■ **EXTRACTED DATA**
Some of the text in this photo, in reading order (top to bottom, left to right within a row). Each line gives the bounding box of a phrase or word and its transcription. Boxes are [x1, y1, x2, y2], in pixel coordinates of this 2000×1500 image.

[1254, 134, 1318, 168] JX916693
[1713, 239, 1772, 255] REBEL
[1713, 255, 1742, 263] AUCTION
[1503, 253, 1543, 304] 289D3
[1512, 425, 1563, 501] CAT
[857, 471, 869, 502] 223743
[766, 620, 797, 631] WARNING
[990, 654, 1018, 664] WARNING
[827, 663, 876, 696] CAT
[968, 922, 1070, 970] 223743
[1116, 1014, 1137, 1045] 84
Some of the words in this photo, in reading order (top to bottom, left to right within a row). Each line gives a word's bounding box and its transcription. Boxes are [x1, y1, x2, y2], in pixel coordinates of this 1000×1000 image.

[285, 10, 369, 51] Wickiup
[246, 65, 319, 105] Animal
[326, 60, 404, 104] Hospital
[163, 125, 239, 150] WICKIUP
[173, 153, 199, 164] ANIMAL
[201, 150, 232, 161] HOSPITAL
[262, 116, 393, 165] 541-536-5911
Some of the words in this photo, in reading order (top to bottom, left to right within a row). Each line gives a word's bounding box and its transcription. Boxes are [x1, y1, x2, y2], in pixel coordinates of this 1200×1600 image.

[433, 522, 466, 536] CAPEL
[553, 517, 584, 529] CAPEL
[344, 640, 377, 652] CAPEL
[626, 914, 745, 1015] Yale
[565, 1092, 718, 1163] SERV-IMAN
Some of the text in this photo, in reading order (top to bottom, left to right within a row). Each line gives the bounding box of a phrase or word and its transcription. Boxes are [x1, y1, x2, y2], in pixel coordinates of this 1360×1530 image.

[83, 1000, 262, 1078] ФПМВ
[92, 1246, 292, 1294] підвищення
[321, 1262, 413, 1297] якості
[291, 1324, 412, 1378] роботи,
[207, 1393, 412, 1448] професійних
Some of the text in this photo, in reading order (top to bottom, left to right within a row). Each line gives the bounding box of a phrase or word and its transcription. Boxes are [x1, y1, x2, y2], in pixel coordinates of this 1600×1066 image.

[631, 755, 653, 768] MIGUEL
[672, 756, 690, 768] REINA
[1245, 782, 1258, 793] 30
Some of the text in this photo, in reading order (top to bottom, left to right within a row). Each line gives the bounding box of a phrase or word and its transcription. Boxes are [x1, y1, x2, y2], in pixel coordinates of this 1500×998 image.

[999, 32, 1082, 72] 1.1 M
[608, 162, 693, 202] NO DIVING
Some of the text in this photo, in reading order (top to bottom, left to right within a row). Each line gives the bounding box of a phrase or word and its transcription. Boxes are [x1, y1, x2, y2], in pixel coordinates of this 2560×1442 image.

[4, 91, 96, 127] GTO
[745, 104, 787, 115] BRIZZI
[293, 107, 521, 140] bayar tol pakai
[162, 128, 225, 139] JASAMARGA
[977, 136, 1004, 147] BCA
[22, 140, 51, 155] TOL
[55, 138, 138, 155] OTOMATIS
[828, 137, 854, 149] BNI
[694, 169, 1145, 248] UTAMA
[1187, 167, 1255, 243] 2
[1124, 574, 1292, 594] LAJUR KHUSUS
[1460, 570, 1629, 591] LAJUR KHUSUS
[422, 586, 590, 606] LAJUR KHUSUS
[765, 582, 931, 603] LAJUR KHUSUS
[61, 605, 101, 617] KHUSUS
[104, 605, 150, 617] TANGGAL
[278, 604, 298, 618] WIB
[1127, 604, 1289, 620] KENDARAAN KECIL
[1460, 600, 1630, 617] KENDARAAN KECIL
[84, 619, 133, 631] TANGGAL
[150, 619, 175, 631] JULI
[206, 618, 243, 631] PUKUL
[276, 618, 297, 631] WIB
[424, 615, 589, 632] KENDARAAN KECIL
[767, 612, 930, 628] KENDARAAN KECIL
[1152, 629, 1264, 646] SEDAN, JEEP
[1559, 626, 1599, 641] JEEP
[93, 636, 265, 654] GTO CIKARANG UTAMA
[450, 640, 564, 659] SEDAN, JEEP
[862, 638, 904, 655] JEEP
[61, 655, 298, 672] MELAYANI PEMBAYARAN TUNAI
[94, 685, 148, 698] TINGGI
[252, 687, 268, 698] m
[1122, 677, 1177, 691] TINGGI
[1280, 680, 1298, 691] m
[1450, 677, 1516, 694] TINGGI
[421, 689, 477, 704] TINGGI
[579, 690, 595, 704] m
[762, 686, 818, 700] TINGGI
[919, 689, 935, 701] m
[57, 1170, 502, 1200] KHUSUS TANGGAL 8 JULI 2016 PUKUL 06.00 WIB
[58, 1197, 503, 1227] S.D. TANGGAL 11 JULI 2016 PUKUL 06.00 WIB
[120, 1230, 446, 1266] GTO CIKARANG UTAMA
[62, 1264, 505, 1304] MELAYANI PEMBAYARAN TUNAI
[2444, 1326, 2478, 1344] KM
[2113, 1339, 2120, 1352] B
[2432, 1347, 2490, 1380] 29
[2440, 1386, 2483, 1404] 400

■ **ASSIGNMENT**
A faithful copy of all the material is the required answer.

■ **EXERCISE RESPONSE**
Some of the text in this photo, in reading order (top to bottom, left to right within a row). Each line gives the bounding box of a phrase or word and its transcription. Boxes are [x1, y1, x2, y2], in pixel coordinates of this 2000×1500 image.

[1254, 134, 1318, 168] JX916693
[1713, 239, 1772, 255] REBEL
[1713, 255, 1742, 263] AUCTION
[1503, 253, 1543, 304] 289D3
[1512, 425, 1563, 501] CAT
[857, 471, 869, 502] 223743
[766, 620, 797, 631] WARNING
[990, 654, 1018, 664] WARNING
[827, 663, 876, 696] CAT
[968, 922, 1070, 970] 223743
[1116, 1014, 1137, 1045] 84
Some of the words in this photo, in reading order (top to bottom, left to right within a row). Each line gives a word's bounding box and its transcription. Boxes are [x1, y1, x2, y2], in pixel coordinates of this 1000×1000 image.

[285, 10, 369, 51] Wickiup
[246, 65, 319, 105] Animal
[326, 60, 404, 104] Hospital
[163, 125, 239, 150] WICKIUP
[173, 153, 199, 164] ANIMAL
[201, 150, 232, 161] HOSPITAL
[262, 116, 393, 165] 541-536-5911
Some of the words in this photo, in reading order (top to bottom, left to right within a row). Each line gives a word's bounding box and its transcription. Boxes are [x1, y1, x2, y2], in pixel coordinates of this 1200×1600 image.

[433, 522, 466, 536] CAPEL
[553, 517, 584, 529] CAPEL
[344, 640, 377, 652] CAPEL
[626, 914, 745, 1015] Yale
[565, 1092, 718, 1163] SERV-IMAN
Some of the text in this photo, in reading order (top to bottom, left to right within a row). Each line gives the bounding box of a phrase or word and its transcription. Boxes are [x1, y1, x2, y2], in pixel coordinates of this 1360×1530 image.

[83, 1000, 262, 1078] ФПМВ
[92, 1246, 292, 1294] підвищення
[321, 1262, 413, 1297] якості
[291, 1324, 412, 1378] роботи,
[207, 1393, 412, 1448] професійних
Some of the text in this photo, in reading order (top to bottom, left to right within a row). Each line gives the bounding box of a phrase or word and its transcription. Boxes are [x1, y1, x2, y2], in pixel coordinates of this 1600×1066 image.

[631, 755, 653, 768] MIGUEL
[672, 756, 690, 768] REINA
[1245, 782, 1258, 793] 30
Some of the text in this photo, in reading order (top to bottom, left to right within a row). Each line gives the bounding box of a phrase or word and its transcription. Boxes are [x1, y1, x2, y2], in pixel coordinates of this 1500×998 image.

[999, 32, 1082, 72] 1.1 M
[608, 162, 693, 202] NO DIVING
Some of the text in this photo, in reading order (top to bottom, left to right within a row). Each line gives the bounding box of a phrase or word and its transcription. Boxes are [x1, y1, x2, y2], in pixel coordinates of this 2560×1442 image.

[4, 91, 96, 127] GTO
[745, 104, 787, 115] BRIZZI
[293, 107, 521, 140] bayar tol pakai
[162, 128, 225, 139] JASAMARGA
[977, 136, 1004, 147] BCA
[22, 140, 51, 155] TOL
[55, 138, 138, 155] OTOMATIS
[828, 137, 854, 149] BNI
[694, 169, 1145, 248] UTAMA
[1187, 167, 1255, 243] 2
[1124, 574, 1292, 594] LAJUR KHUSUS
[1460, 570, 1629, 591] LAJUR KHUSUS
[422, 586, 590, 606] LAJUR KHUSUS
[765, 582, 931, 603] LAJUR KHUSUS
[61, 605, 101, 617] KHUSUS
[104, 605, 150, 617] TANGGAL
[278, 604, 298, 618] WIB
[1127, 604, 1289, 620] KENDARAAN KECIL
[1460, 600, 1630, 617] KENDARAAN KECIL
[84, 619, 133, 631] TANGGAL
[150, 619, 175, 631] JULI
[206, 618, 243, 631] PUKUL
[276, 618, 297, 631] WIB
[424, 615, 589, 632] KENDARAAN KECIL
[767, 612, 930, 628] KENDARAAN KECIL
[1152, 629, 1264, 646] SEDAN, JEEP
[1559, 626, 1599, 641] JEEP
[93, 636, 265, 654] GTO CIKARANG UTAMA
[450, 640, 564, 659] SEDAN, JEEP
[862, 638, 904, 655] JEEP
[61, 655, 298, 672] MELAYANI PEMBAYARAN TUNAI
[94, 685, 148, 698] TINGGI
[252, 687, 268, 698] m
[1122, 677, 1177, 691] TINGGI
[1280, 680, 1298, 691] m
[1450, 677, 1516, 694] TINGGI
[421, 689, 477, 704] TINGGI
[579, 690, 595, 704] m
[762, 686, 818, 700] TINGGI
[919, 689, 935, 701] m
[57, 1170, 502, 1200] KHUSUS TANGGAL 8 JULI 2016 PUKUL 06.00 WIB
[58, 1197, 503, 1227] S.D. TANGGAL 11 JULI 2016 PUKUL 06.00 WIB
[120, 1230, 446, 1266] GTO CIKARANG UTAMA
[62, 1264, 505, 1304] MELAYANI PEMBAYARAN TUNAI
[2444, 1326, 2478, 1344] KM
[2113, 1339, 2120, 1352] B
[2432, 1347, 2490, 1380] 29
[2440, 1386, 2483, 1404] 400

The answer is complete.